Morir para vivir
Aún hoy, después de casi tres años desde mi operación, siento una tremenda gratitud a todos los que me ayudaron a levantarme, los que me animaron y me apoyaron en aquellos momentos tan complicados. Por supuesto, me agradezco a mi misma el haber hecho acopio de toda la fuerza necesaria para dejarme ayudar y para que, aquel día en aquella habitación de hospital, pusiera un pie delante del otro volviendo de nuevo a enfrentarme a la vida. Fue duro y doloroso, pero reforzó mis ganas de vivir.
Y, sin embargo, oigo historias como la de Jorge Léon y comprendo su decisión. Precisamente porque todos los seres humanos tenemos unas enormes ganas de vivir (bueno casi todos) ellos piden morir. Porque si una persona pierde su dignidad, si no se siente con fuerzas para seguir se ha de poder decidir morir.
Los católicos piensan que el cielo es un lugar donde siempre serán dichosos, donde se reencontrarán con los seres queridos perdidos, que es el premio a toda una vida. Los que no lo somos vemos la muerte como el fin de algo que comenzó sin pedirlo, como el "the end" que sale en la pantalla del cine cuando termina la película.

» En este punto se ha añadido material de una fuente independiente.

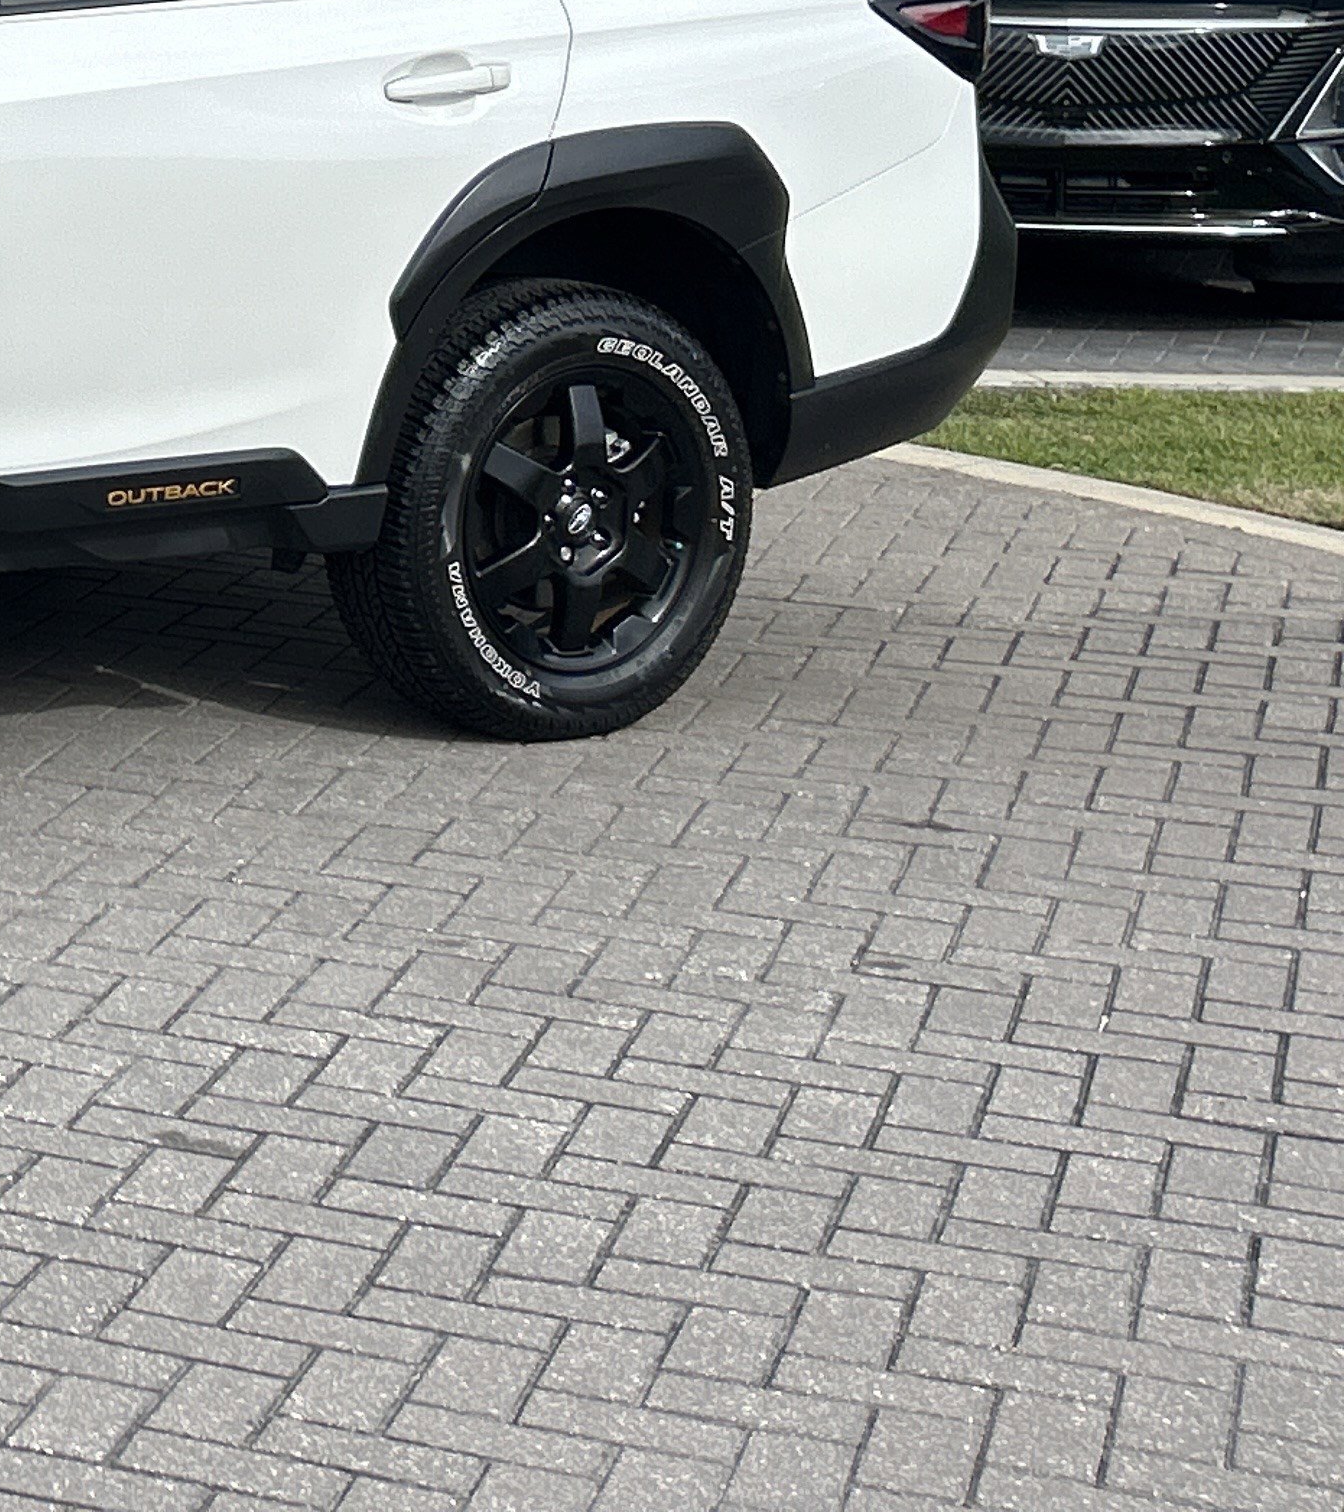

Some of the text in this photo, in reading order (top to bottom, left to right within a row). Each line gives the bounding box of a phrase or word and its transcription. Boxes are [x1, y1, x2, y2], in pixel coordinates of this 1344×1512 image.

Pero, por lo menos para mi, esa película se puede volver a ver tantas veces como uno quiera; por eso, siento que es posible una reencarnación. Y, siempre según mi pensamiento, ¿qué sentido tiene seguir alargando una agonía si puede que a la vuelta de la esquina tengas otra vida esperando?
Los sufrimientos es mejor evitarlos o padecerlos lo antes posible, por lo tanto es de egoístas agarrarse a la posibilidad de que ese familiar, amigo, marido, mujer, que se encuentra postrado en la cama tetrapléjico, pentapléjico o enfermo terminal de cualquier otra dolencia, pueda arañar minutos, horas, días o meses a la muerte aún pagando el alto precio del dolor o incluso el de su propia dignidad.
Cada uno debería ser dueño de su propia vida y dirigirla como un timón de un barco hacia el puerto que mas deseara. Sin que los demás se permitieran el lujo de prejuzgarle, sin que nadie fuera mas que nadie.
Por todo eso he decidido escribir mi testamento vital, firmarlo y hacerlo llegar a todos los que me rodean y me quieren, con la seguridad de que serán fieles a mis deseos y no alargaran mi vida inútilmente si es que necesitara hacer uso de mi DERECHO A MORIR DIGNAMENTE.